I don’t see playing contemporary music as a demonstration of my political view. I don’t think that people know it afterwards. I would like to show them how interesting this is, and what a funny world this is, and that it’s just as fun as when you go to a contemporary art exhibition. It’s a fun thing, which is the opposite of political.

J: How has the political climate in Germany influenced your career?

S: There’s less and less money. When I started playing twenty years ago, it was after the fall of the wall, and before that there was the clash of the systems, and that was very played out in East an West Germany.
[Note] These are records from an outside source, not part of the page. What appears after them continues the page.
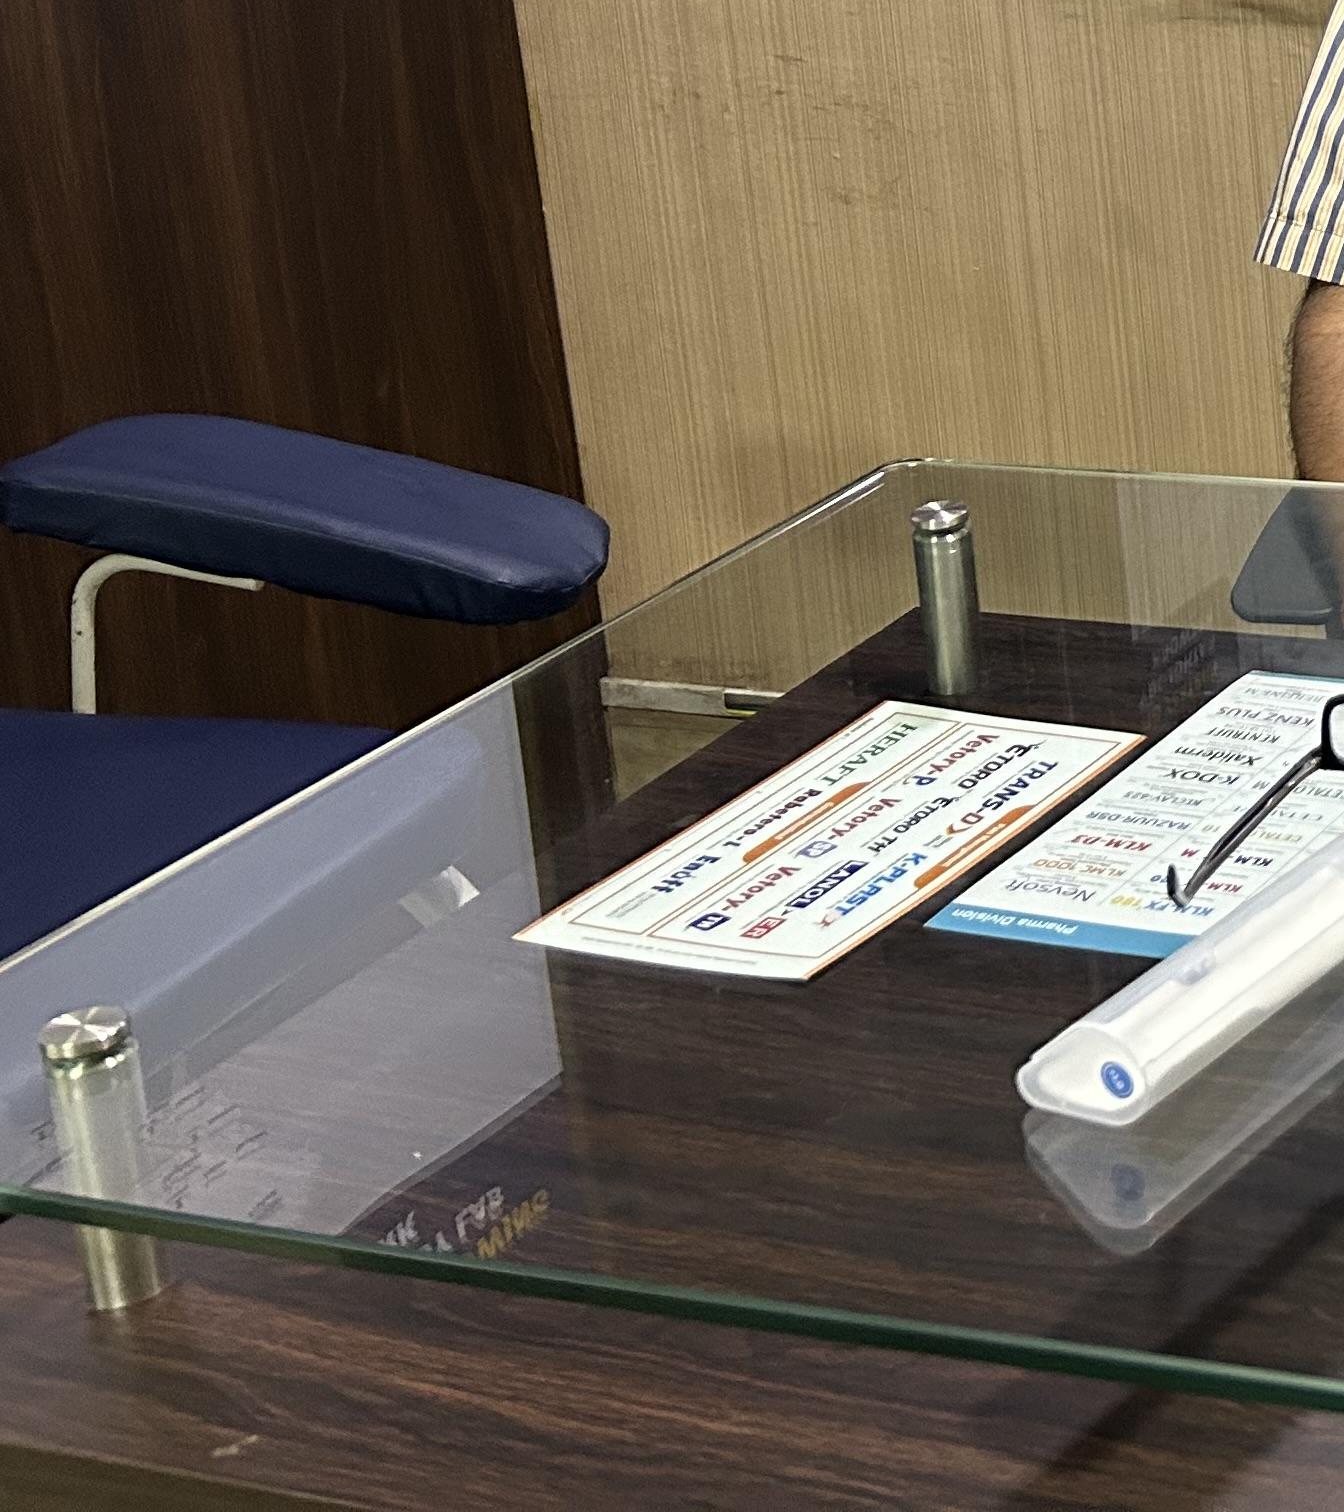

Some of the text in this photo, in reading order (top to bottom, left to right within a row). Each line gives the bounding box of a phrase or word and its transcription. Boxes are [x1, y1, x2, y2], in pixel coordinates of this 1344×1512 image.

[1216, 707, 1315, 727] KENZ PLUS
[822, 724, 918, 785] HERAFT
[1175, 747, 1261, 766] Xaliderm
[1164, 769, 1240, 785] K-DOX
[1030, 859, 1077, 870] 1000
[1006, 880, 1096, 902] Nevsoft
[952, 909, 1078, 935] Pharma Division
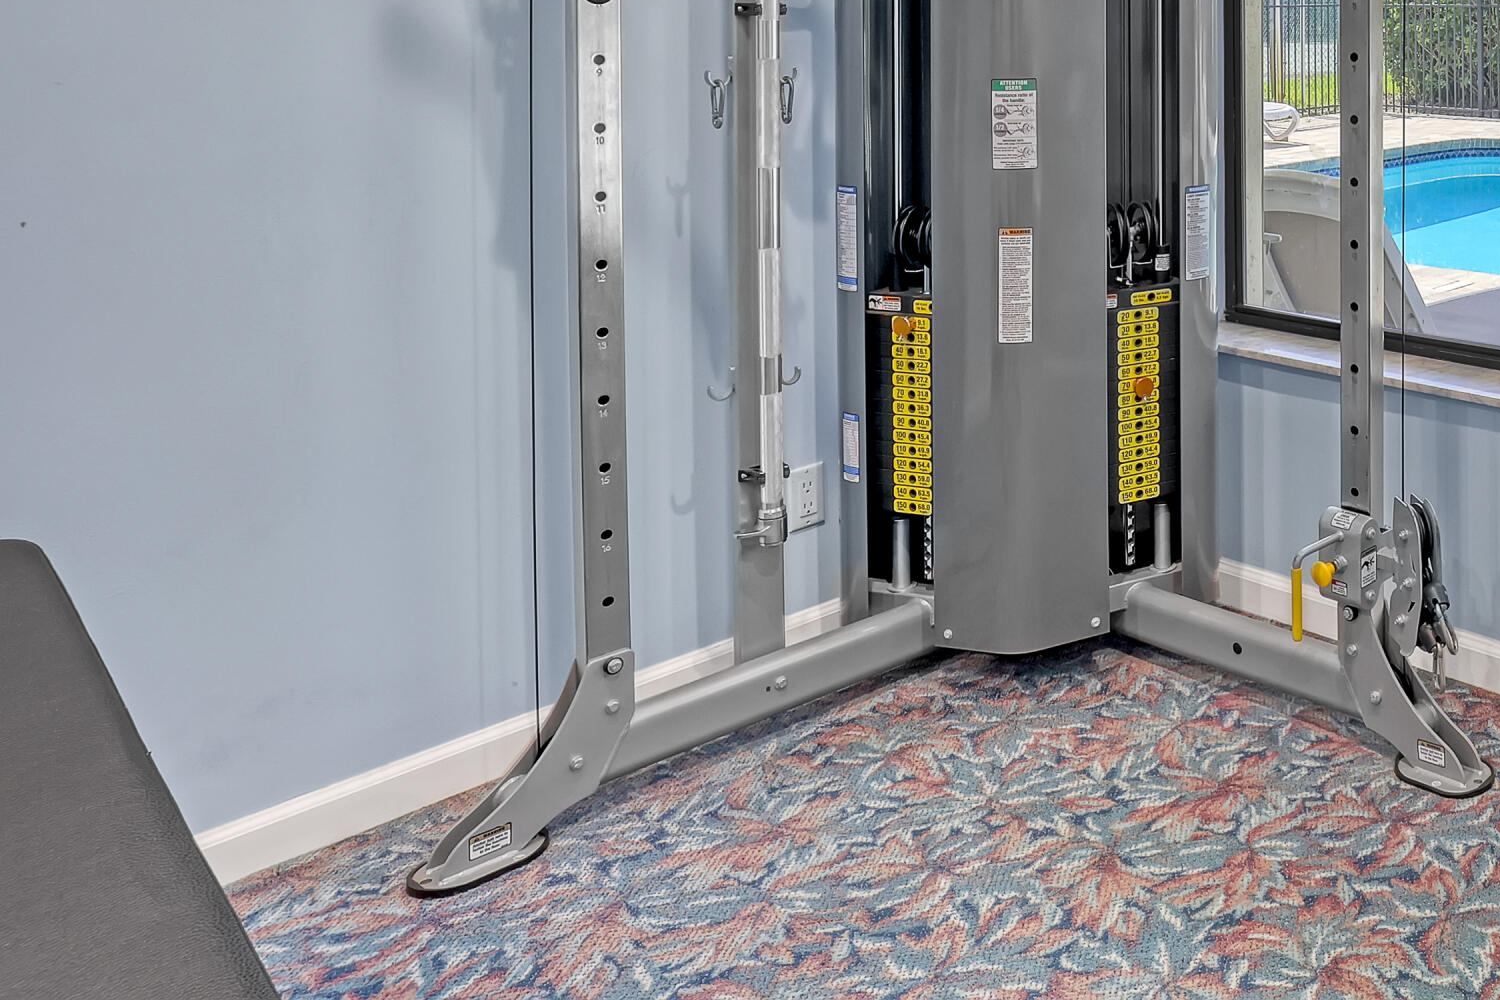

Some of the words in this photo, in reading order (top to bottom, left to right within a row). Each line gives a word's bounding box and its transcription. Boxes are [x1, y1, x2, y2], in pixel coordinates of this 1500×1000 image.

[596, 136, 605, 145] 10
[595, 204, 606, 214] 11
[1121, 312, 1129, 320] 20
[1122, 450, 1133, 458] 120
[600, 476, 611, 485] 15
[1122, 478, 1133, 486] 140
All the radio stations put a lot of money in contemporary music and the states did a lot for contemporary music, and it’s just declined and declined. Money is just running away from us! Contemporary music was also not good at promoting itself. They always felt that they were cool and it doesn’t matter if nobody’s listening, because what they do is political. I don’t see it as anti-fascistic anymore. It’s art what we do, and we’re in a big art market, and we have to prove that what we do is relevant...

The kind of music that I play is not for the masses, there’s nobody coming anyway. It’s really our own circle where we do our own thing. One could see that per se as political but I don’t. I do it because for me it is fun and I try and convince other people that this is a nice way to do art. I do not see it as taking myself out of the capitalist system. If you know that you’re not going to become famous and want to just keep doing what you’re doing, that can make you quite free.
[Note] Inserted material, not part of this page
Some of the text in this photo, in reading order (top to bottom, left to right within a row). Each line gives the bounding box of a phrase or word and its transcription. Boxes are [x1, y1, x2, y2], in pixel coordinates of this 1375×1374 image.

J: What is the role of contemporary music in society?

S: It’s an art practice. And that’s ok; It does not have to be more than just art. I do like when it is more rooted in my daily life, when it gives me a new perspective on what I do. At the Venice Biennale you see some nice pictures and you see other stuff that deals with how we live. It’s an art practice and we need it as a society. I do have the feeling that contemporary music, as opposed to other practices, feels the need to be useful. That it should be critical of society, or that it should have a philosophical foundation. You read many texts by composers about their music, and they are trying to be philosophical texts. I don’t think you have to defend what you’re doing. If you think enough and have a crazy idea, that’s enough.

With well over 200 world premieres to his name, Sebastian Berweck is one of the most

sought-after pianists for experimental contemporary music. He is known for his energetic

interpretations of unusual repertoire in- and outside the piano as well as working with

electronics. Sebastian Berweck holds a PhD from the University of Huddersfield, is a

member of stock11, and lives in Berlin.